• Work to be completed: Could the records below please be retyped exactly, with their pictures left out?

Free-text object descriptions:
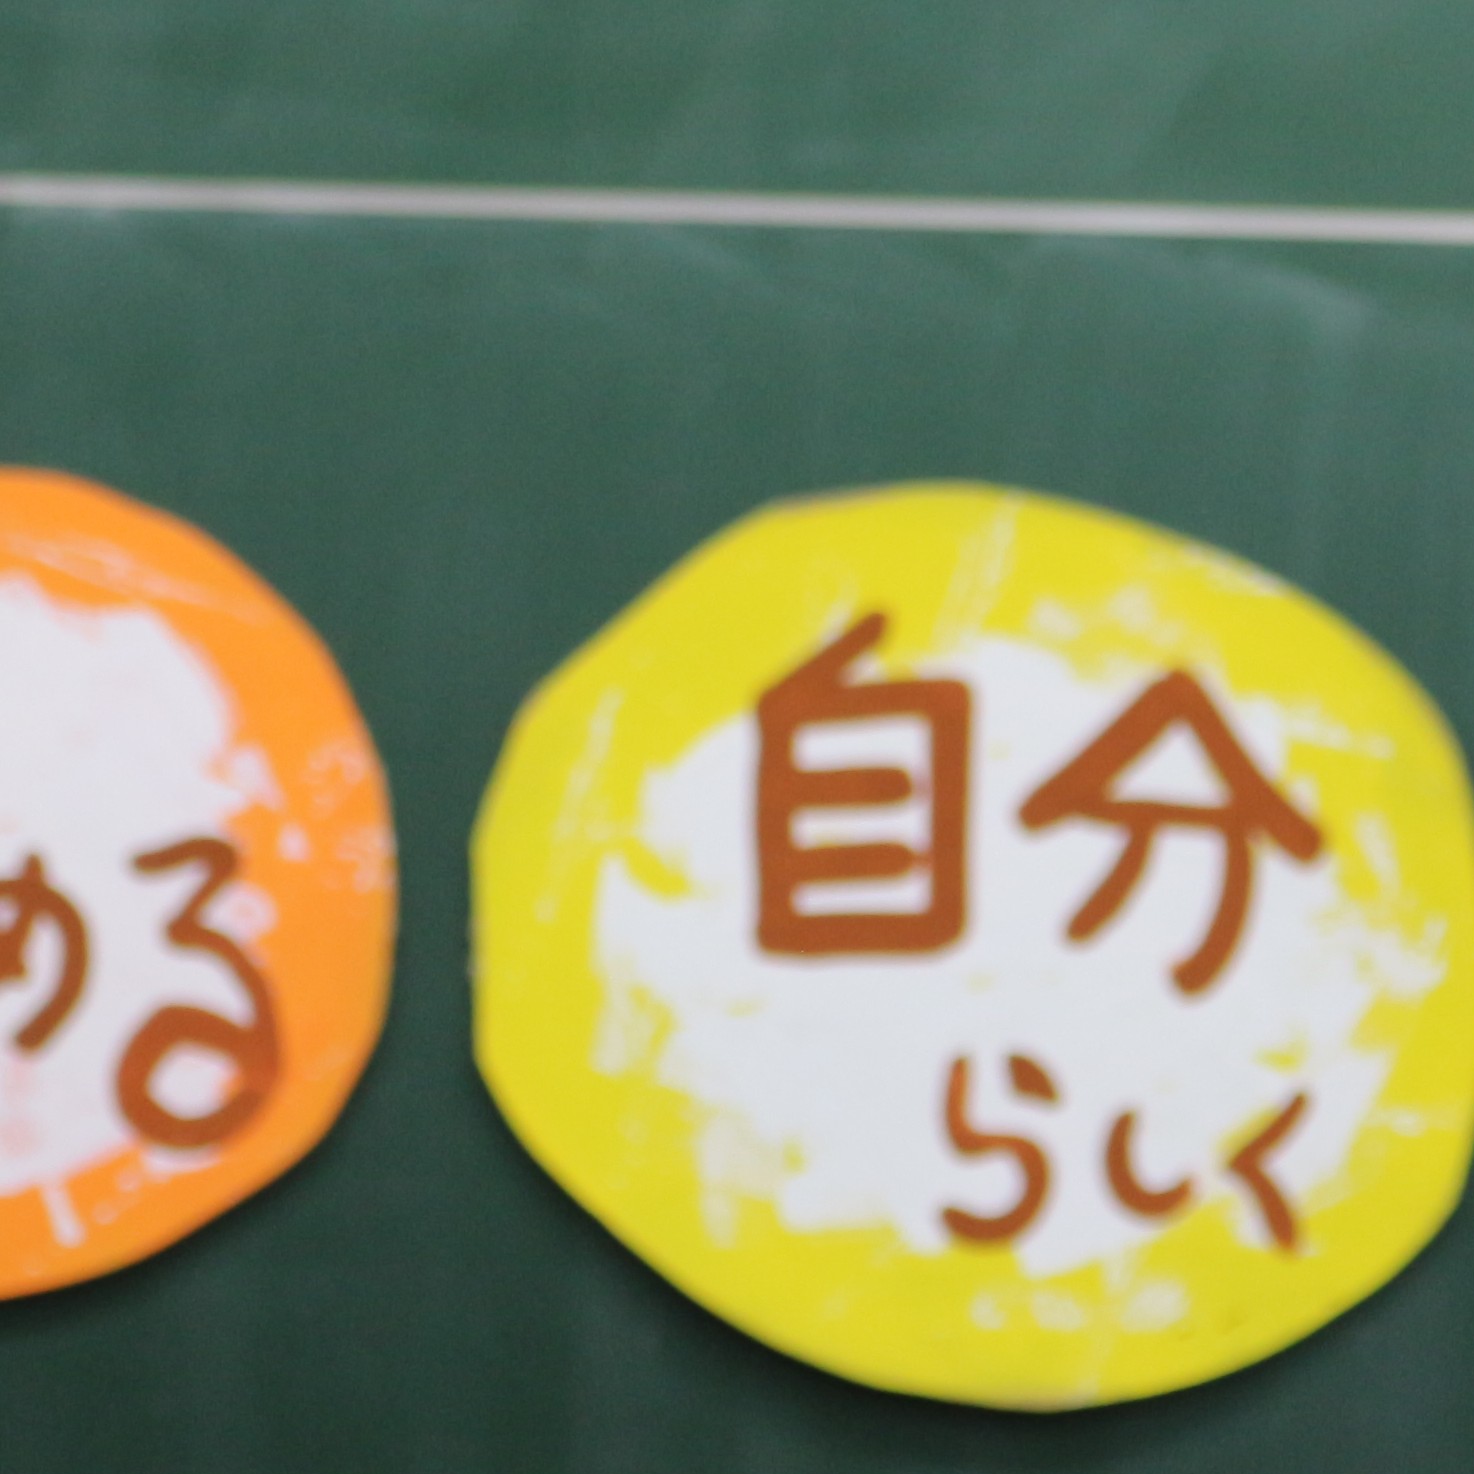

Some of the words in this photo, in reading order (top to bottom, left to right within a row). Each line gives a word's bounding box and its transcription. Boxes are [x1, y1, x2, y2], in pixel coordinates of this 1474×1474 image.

[756, 612, 1324, 996] 自分
[941, 1053, 1308, 1257] らしく
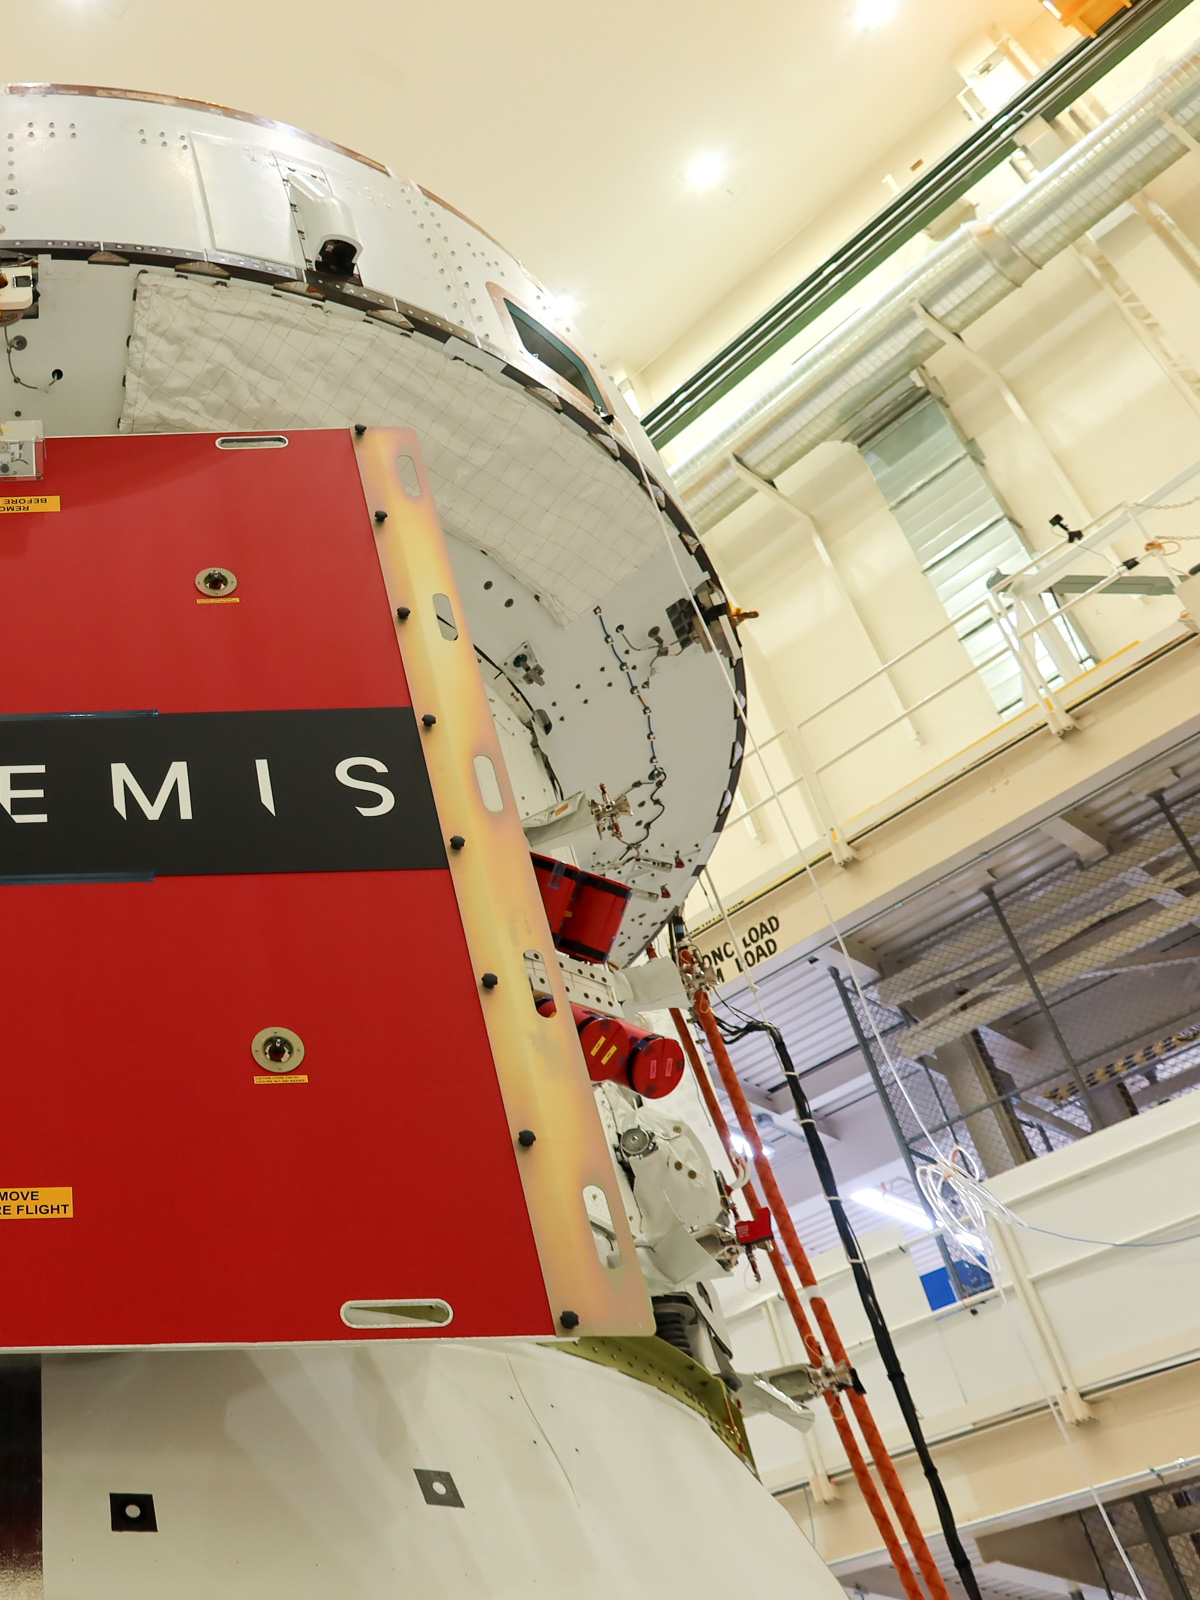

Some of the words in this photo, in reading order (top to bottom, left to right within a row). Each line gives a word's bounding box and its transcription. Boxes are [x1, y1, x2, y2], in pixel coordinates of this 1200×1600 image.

[4, 497, 47, 505] BEFORE
[742, 916, 780, 948] LOAD
[735, 938, 777, 972] LOAD
[16, 1204, 69, 1215] FLIGHT

• Response to the task:
Some of the words in this photo, in reading order (top to bottom, left to right within a row). Each line gives a word's bounding box and its transcription. Boxes are [x1, y1, x2, y2], in pixel coordinates of this 1474×1474 image.

[756, 612, 1324, 996] 自分
[941, 1053, 1308, 1257] らしく

Some of the words in this photo, in reading order (top to bottom, left to right within a row). Each line gives a word's bounding box and its transcription. Boxes are [x1, y1, x2, y2], in pixel coordinates of this 1200×1600 image.

[4, 497, 47, 505] BEFORE
[742, 916, 780, 948] LOAD
[735, 938, 777, 972] LOAD
[16, 1204, 69, 1215] FLIGHT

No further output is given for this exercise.